Phrase grounding data:
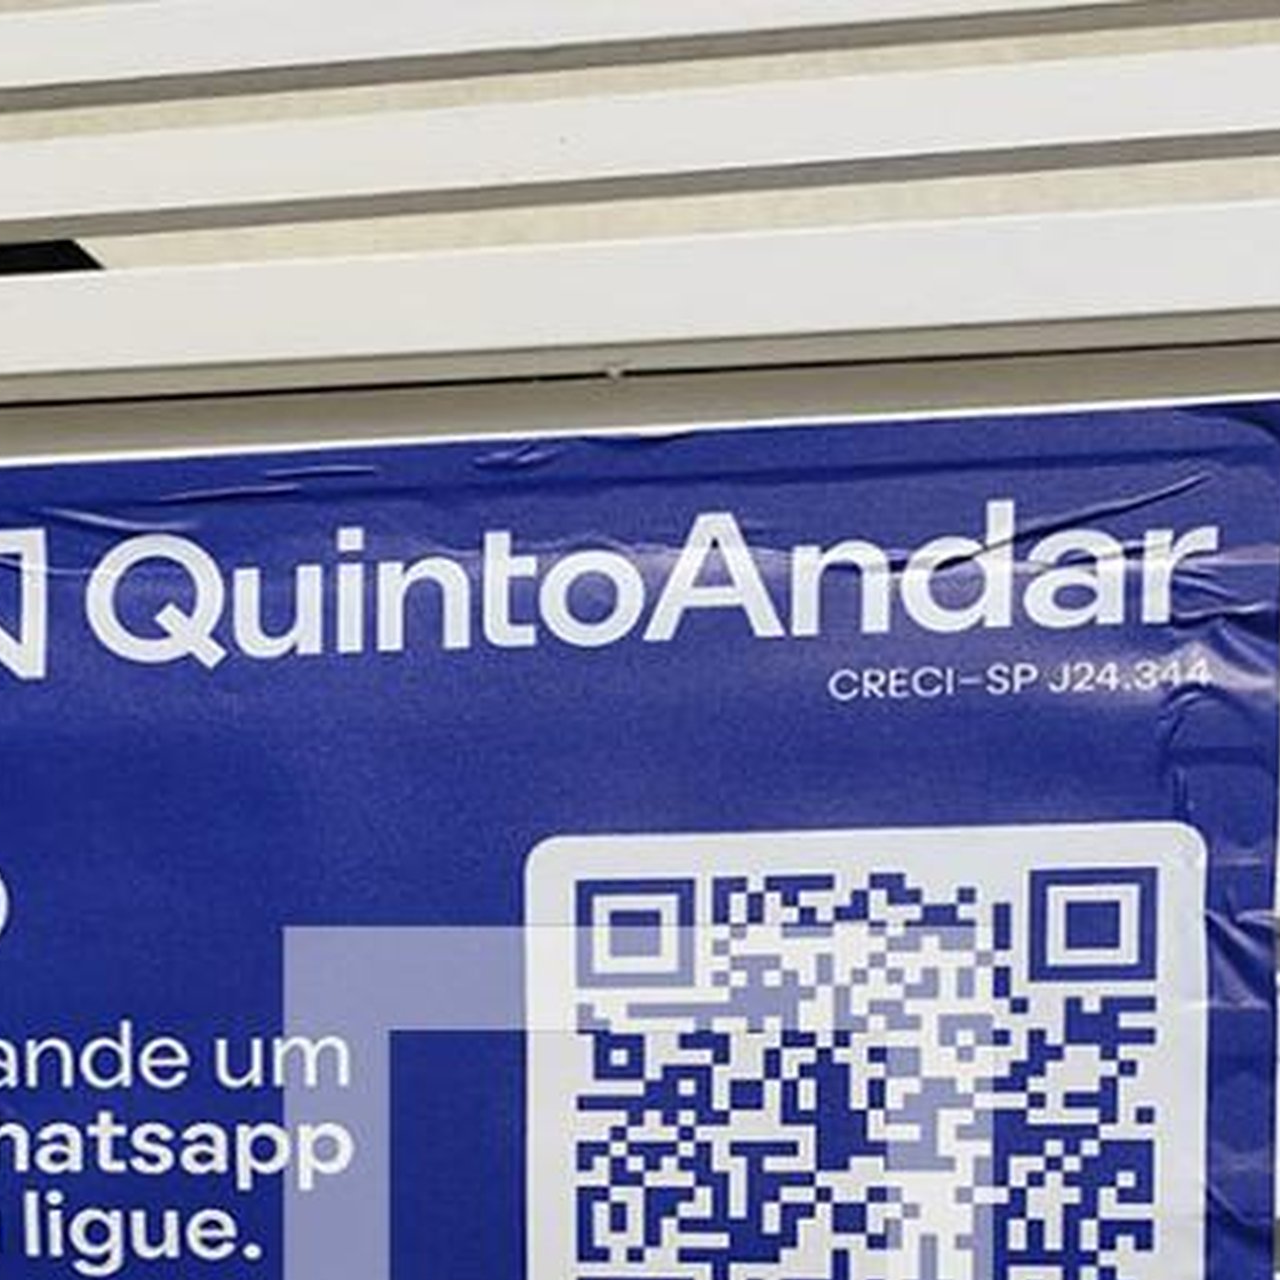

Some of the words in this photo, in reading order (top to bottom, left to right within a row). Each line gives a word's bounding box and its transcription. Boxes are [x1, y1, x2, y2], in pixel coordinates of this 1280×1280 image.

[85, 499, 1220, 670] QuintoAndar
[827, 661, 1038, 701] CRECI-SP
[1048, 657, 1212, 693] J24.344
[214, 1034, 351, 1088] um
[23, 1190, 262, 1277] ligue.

[How to complete this task] Copy every record character for character. Skip the pictures.

[The answer]
Some of the words in this photo, in reading order (top to bottom, left to right within a row). Each line gives a word's bounding box and its transcription. Boxes are [x1, y1, x2, y2], in pixel coordinates of this 1280×1280 image.

[85, 499, 1220, 670] QuintoAndar
[827, 661, 1038, 701] CRECI-SP
[1048, 657, 1212, 693] J24.344
[214, 1034, 351, 1088] um
[23, 1190, 262, 1277] ligue.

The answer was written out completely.